I’m convinced that people who bristle at fruitcake have never had a good one. This recipe will change their minds. Moist and soft, this is the antithesis of those dense bricks that modern mythology has us passing annually from family to family like a hot potato. I particularly love the meaty pieces of dried figs, the seeds of which give this cake a bit of crunch.
- 10 ounces dried figs
- 1 cup ginger liqueur or brandy
- ½ cup unsalted butter, softened
- ¼ cup packed light brown sugar
- ¼ cup granulated sugar
- 4 large eggs
- 1 vanilla bean
- ¼ cup sour cream
- 3 tablespoons orange marmalade or apricot jam
- 2 tablespoons honey
- 1 teaspoon vanilla extract
- Zest of 1 orange, finely grated
- 2 teaspoons peeled and grated fresh ginger
- 1 teaspoon ground ginger
- ½ teaspoon ground allspice
- ¼ teaspoon ground cloves
- 1 1/8 cups cake flour
- ½ teaspoon salt
- Confectioners’ sugar, for dusting
Soak the dried figs in the ginger liqueur overnight, covered.
Preheat the oven to 350°F. Butter the loaf pan.
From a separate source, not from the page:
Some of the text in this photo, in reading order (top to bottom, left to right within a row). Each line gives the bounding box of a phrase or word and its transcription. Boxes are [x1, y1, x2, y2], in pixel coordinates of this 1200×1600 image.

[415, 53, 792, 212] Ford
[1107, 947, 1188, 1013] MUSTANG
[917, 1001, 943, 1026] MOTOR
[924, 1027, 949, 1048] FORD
Drain the figs, reserving the liqueur, and dice the figs.
In the bowl of a stand mixer fitted with a paddle attachment, cream the butter and the sugars together on medium-high speed until fluffy, about 3 minutes. Scrape down the sides of the bowl with a spatula. With the mixer on medium speed, add the eggs one at a time until incorporated. Scrape down the bowl once more.
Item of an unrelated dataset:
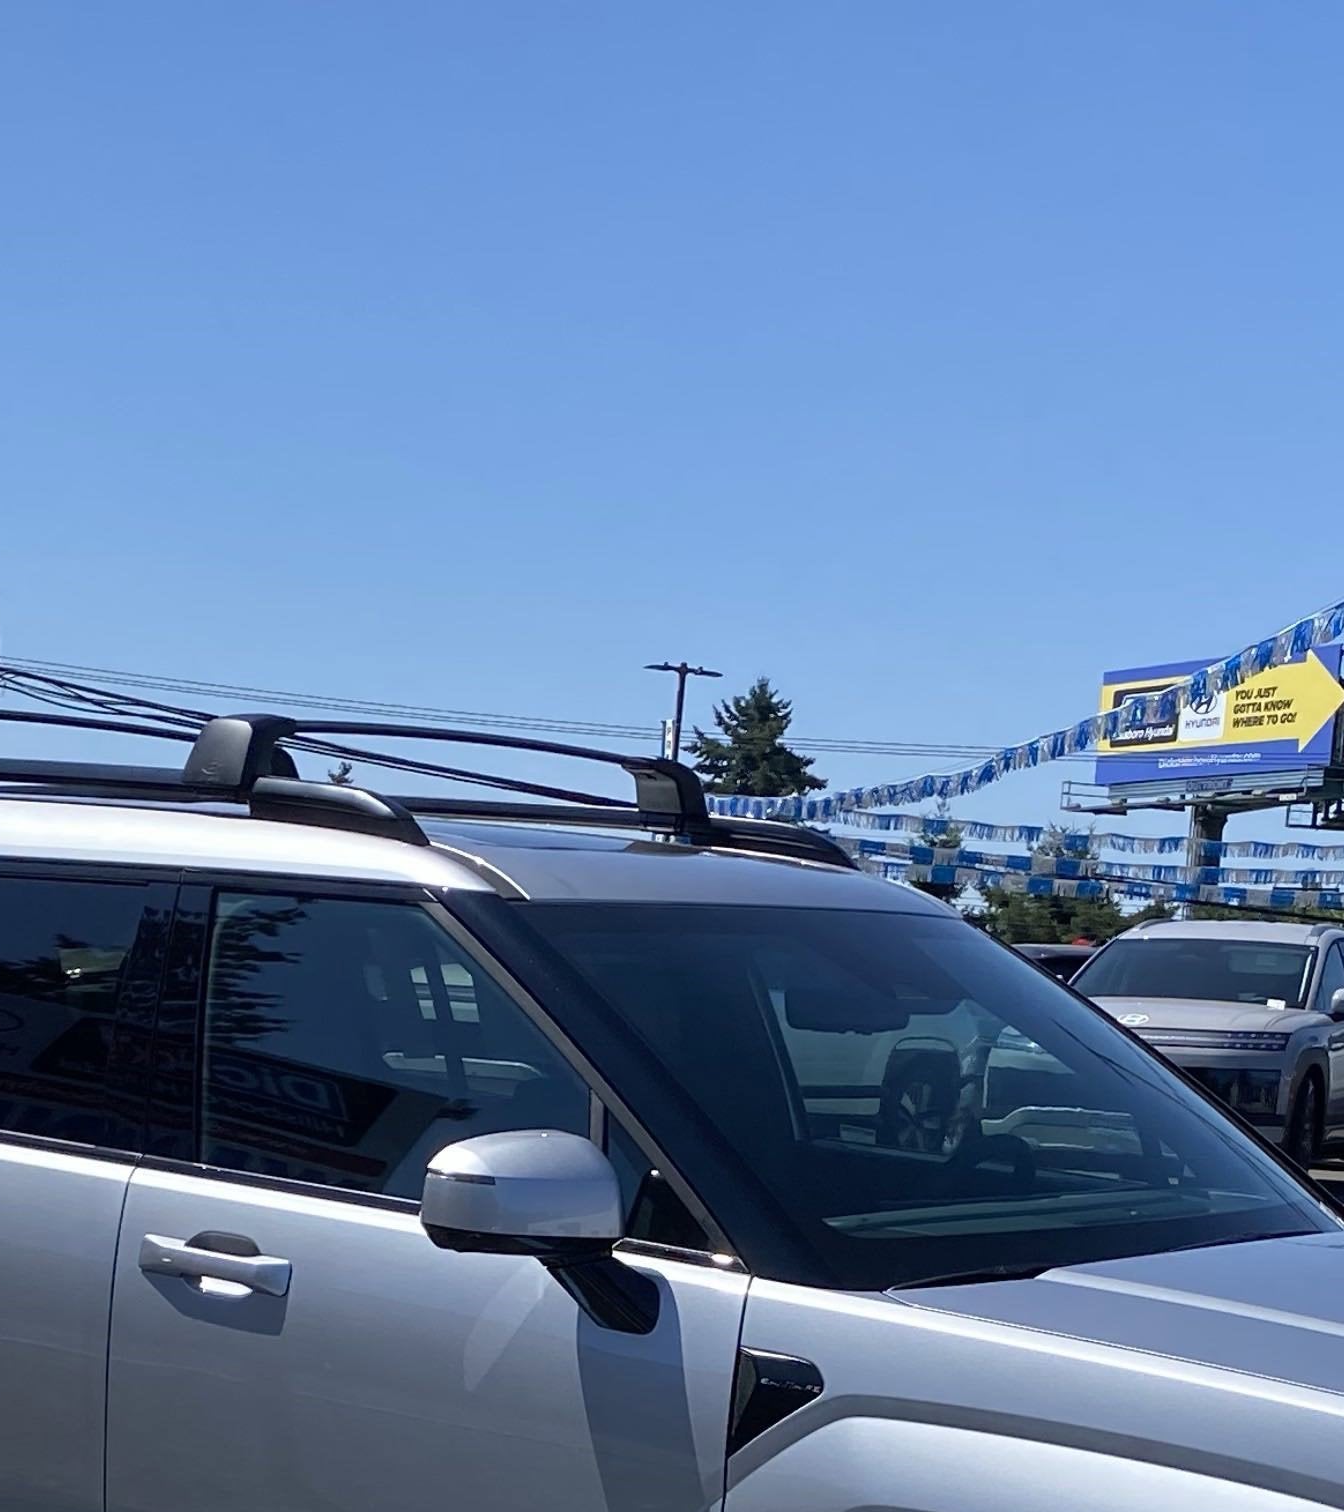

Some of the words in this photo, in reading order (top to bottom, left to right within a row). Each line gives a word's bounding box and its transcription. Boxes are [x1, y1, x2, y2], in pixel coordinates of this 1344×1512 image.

Slice the vanilla bean in half lengthwise. Using a small knife, scrape the seeds from the vanilla bean into the batter. Add the sour cream, marmalade, honey, vanilla, zest, fresh and ground ginger, allspice, and cloves and mix well. Scrape down the bowl.
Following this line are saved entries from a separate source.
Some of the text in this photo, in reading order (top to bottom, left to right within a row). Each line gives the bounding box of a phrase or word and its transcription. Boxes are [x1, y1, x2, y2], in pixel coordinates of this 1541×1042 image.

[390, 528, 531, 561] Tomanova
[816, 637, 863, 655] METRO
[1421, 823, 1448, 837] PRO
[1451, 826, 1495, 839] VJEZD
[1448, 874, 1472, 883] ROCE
With the mixer on low speed, mix in the cake flour and salt until just incorporated. Scrape down the bowl, and fold in the drained figs.
Pour the batter into the prepared loaf pan. Rap the pan firmly against the counter to remove any air bubbles. Bake the loaf for 40 to 45 minutes, until the surface cracks and a toothpick inserted into the center comes out clean.
Using the tines of a fork, prick the top of the cake all over. Pour the reserved liqueur from the dried figs over the top, letting it seep into the cake.
Let the cake cool completely. Flip the pan over to release the cake. Trim the cake with a serrated knife, removing the domed top and shaving the sides and bottom to create a block with squared edges. Slice the block into ½-inch-thick slices and cut each slice into thirds for petit-four-size pieces. Dust them with confectioners’ sugar and serve.
This cake can also be served simply cut into slices. It needs nothing more than a dollop of fresh whipped cream and a cup of tea.
Wrapped tightly in plastic wrap, this cake will keep for up to 3 days. Wrapped in multiple layers of plastic wrap and stored in the freezer, it will keep for up to 3 months.